>>>
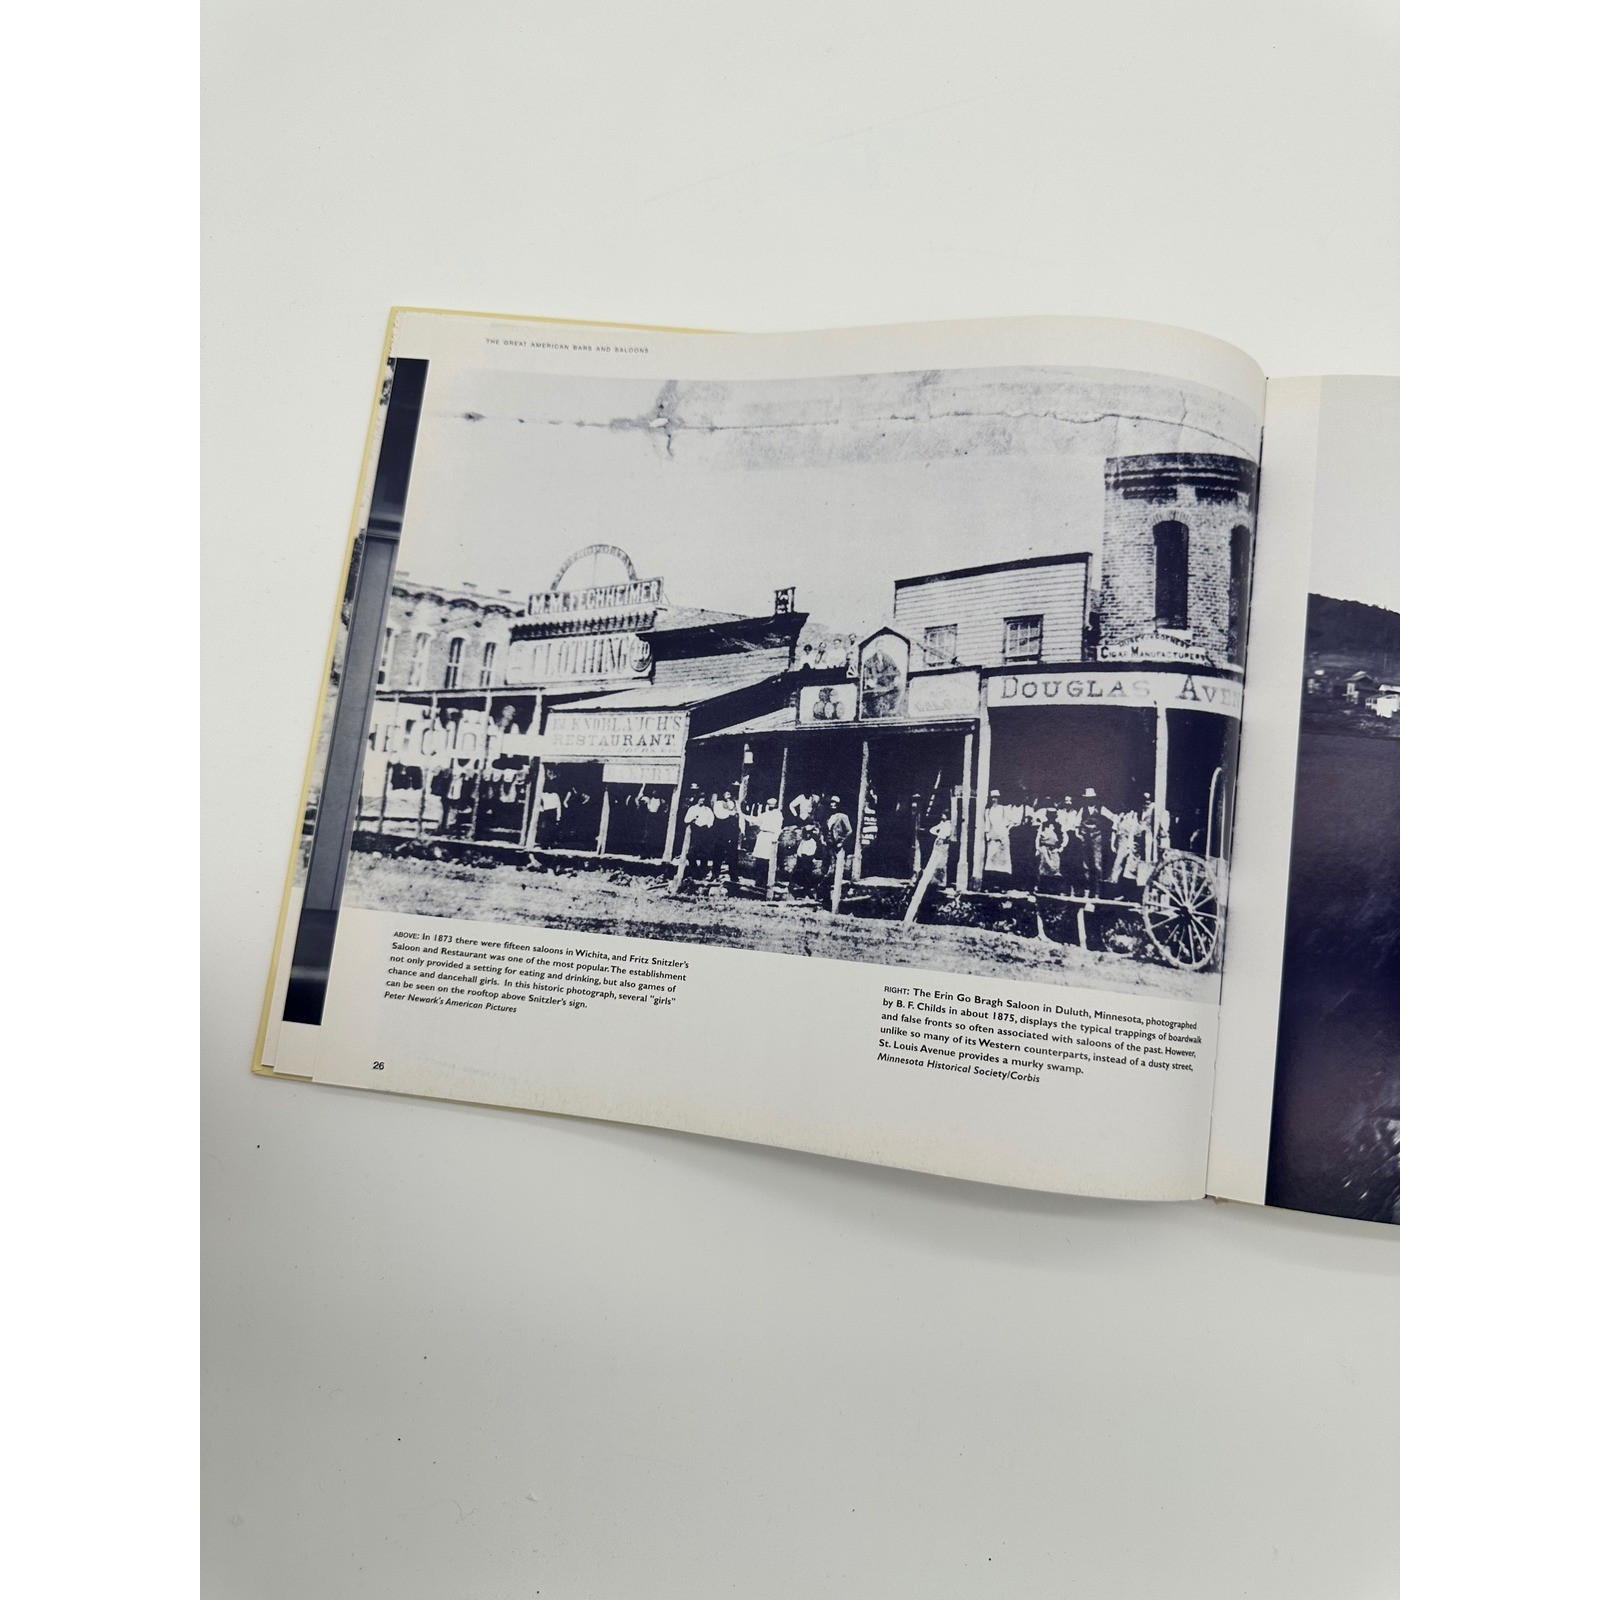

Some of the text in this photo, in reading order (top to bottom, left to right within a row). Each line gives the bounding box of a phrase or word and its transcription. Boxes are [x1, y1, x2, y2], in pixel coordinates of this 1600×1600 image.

[503, 339, 527, 347] GREAT
[530, 342, 569, 351] AMERICAN
[573, 344, 593, 352] BARS
[533, 636, 629, 677] CLOTHING
[392, 941, 687, 982] Saloon and Restaurant was one of the most popular. The establishment
[393, 931, 420, 940] ABOVE:
[422, 932, 431, 941] In
[434, 934, 453, 943] 1873
[455, 936, 479, 946] there
[480, 940, 502, 949] were
[503, 941, 531, 952] fifteen
[532, 945, 564, 955] saloons
[565, 947, 574, 956] in
[575, 948, 611, 962] Wichita,
[611, 954, 628, 962] and
[629, 954, 649, 965] Fritz
[387, 967, 418, 977] chance
[419, 971, 436, 979] and
[437, 972, 478, 984] dancehall
[479, 976, 500, 987] girls.
[504, 979, 513, 987] In
[515, 980, 531, 989] this
[532, 982, 565, 993] historic
[566, 986, 617, 1000] photograph,
[618, 993, 648, 1003] several
[406, 957, 425, 967] only
[426, 960, 464, 970] provided
[473, 964, 503, 976] setting
[504, 966, 518, 975] for
[519, 969, 546, 981] eating
[547, 972, 564, 980] and
[565, 973, 602, 987] drinking,
[602, 977, 618, 987] but
[619, 979, 636, 989] also
[637, 983, 665, 992] games
[667, 985, 677, 993] of
[383, 991, 406, 1000] Peter
[444, 998, 484, 1009] American
[485, 1002, 517, 1013] Pictures
[385, 980, 401, 988] can
[403, 980, 414, 989] be
[416, 984, 436, 992] seen
[451, 986, 465, 995] the
[467, 989, 500, 1000] rooftop
[501, 992, 526, 1002] above
[569, 999, 588, 1010] sign.
[884, 985, 1198, 1031] RIGHT: The Erin Go Bragh Saloon in Duluth, Minnesota, photographed
[881, 1013, 1196, 1059] and false fronts so often associated with saloons of the past. However,
[882, 997, 1202, 1044] by B. F. Childs in about 1875, displays the typical trappings of boardwalk
[373, 1061, 385, 1070] 26
[878, 1038, 1084, 1076] St. Louis Avenue provides a murky swamp.
[880, 1026, 908, 1037] unlike
[910, 1031, 921, 1039] so
[923, 1033, 950, 1044] many
[952, 1035, 964, 1044] of
[964, 1036, 977, 1046] its
[978, 1037, 1021, 1052] Western
[1023, 1046, 1091, 1062] counterparts,
[1092, 1052, 1127, 1065] instead
[1129, 1057, 1140, 1066] of
[1148, 1059, 1170, 1071] dusty
[1171, 1063, 1194, 1072] street,
[877, 1052, 1040, 1083] Minnesota Historical Society/Corbis
<<<
> _What you need to do_
Transcribe the whole of the data exactly, minus any pictures.

> _Result of the task_
Some of the text in this photo, in reading order (top to bottom, left to right within a row). Each line gives the bounding box of a phrase or word and its transcription. Boxes are [x1, y1, x2, y2], in pixel coordinates of this 1600×1600 image.

[503, 339, 527, 347] GREAT
[530, 342, 569, 351] AMERICAN
[573, 344, 593, 352] BARS
[533, 636, 629, 677] CLOTHING
[392, 941, 687, 982] Saloon and Restaurant was one of the most popular. The establishment
[393, 931, 420, 940] ABOVE:
[422, 932, 431, 941] In
[434, 934, 453, 943] 1873
[455, 936, 479, 946] there
[480, 940, 502, 949] were
[503, 941, 531, 952] fifteen
[532, 945, 564, 955] saloons
[565, 947, 574, 956] in
[575, 948, 611, 962] Wichita,
[611, 954, 628, 962] and
[629, 954, 649, 965] Fritz
[387, 967, 418, 977] chance
[419, 971, 436, 979] and
[437, 972, 478, 984] dancehall
[479, 976, 500, 987] girls.
[504, 979, 513, 987] In
[515, 980, 531, 989] this
[532, 982, 565, 993] historic
[566, 986, 617, 1000] photograph,
[618, 993, 648, 1003] several
[406, 957, 425, 967] only
[426, 960, 464, 970] provided
[473, 964, 503, 976] setting
[504, 966, 518, 975] for
[519, 969, 546, 981] eating
[547, 972, 564, 980] and
[565, 973, 602, 987] drinking,
[602, 977, 618, 987] but
[619, 979, 636, 989] also
[637, 983, 665, 992] games
[667, 985, 677, 993] of
[383, 991, 406, 1000] Peter
[444, 998, 484, 1009] American
[485, 1002, 517, 1013] Pictures
[385, 980, 401, 988] can
[403, 980, 414, 989] be
[416, 984, 436, 992] seen
[451, 986, 465, 995] the
[467, 989, 500, 1000] rooftop
[501, 992, 526, 1002] above
[569, 999, 588, 1010] sign.
[884, 985, 1198, 1031] RIGHT: The Erin Go Bragh Saloon in Duluth, Minnesota, photographed
[881, 1013, 1196, 1059] and false fronts so often associated with saloons of the past. However,
[882, 997, 1202, 1044] by B. F. Childs in about 1875, displays the typical trappings of boardwalk
[373, 1061, 385, 1070] 26
[878, 1038, 1084, 1076] St. Louis Avenue provides a murky swamp.
[880, 1026, 908, 1037] unlike
[910, 1031, 921, 1039] so
[923, 1033, 950, 1044] many
[952, 1035, 964, 1044] of
[964, 1036, 977, 1046] its
[978, 1037, 1021, 1052] Western
[1023, 1046, 1091, 1062] counterparts,
[1092, 1052, 1127, 1065] instead
[1129, 1057, 1140, 1066] of
[1148, 1059, 1170, 1071] dusty
[1171, 1063, 1194, 1072] street,
[877, 1052, 1040, 1083] Minnesota Historical Society/Corbis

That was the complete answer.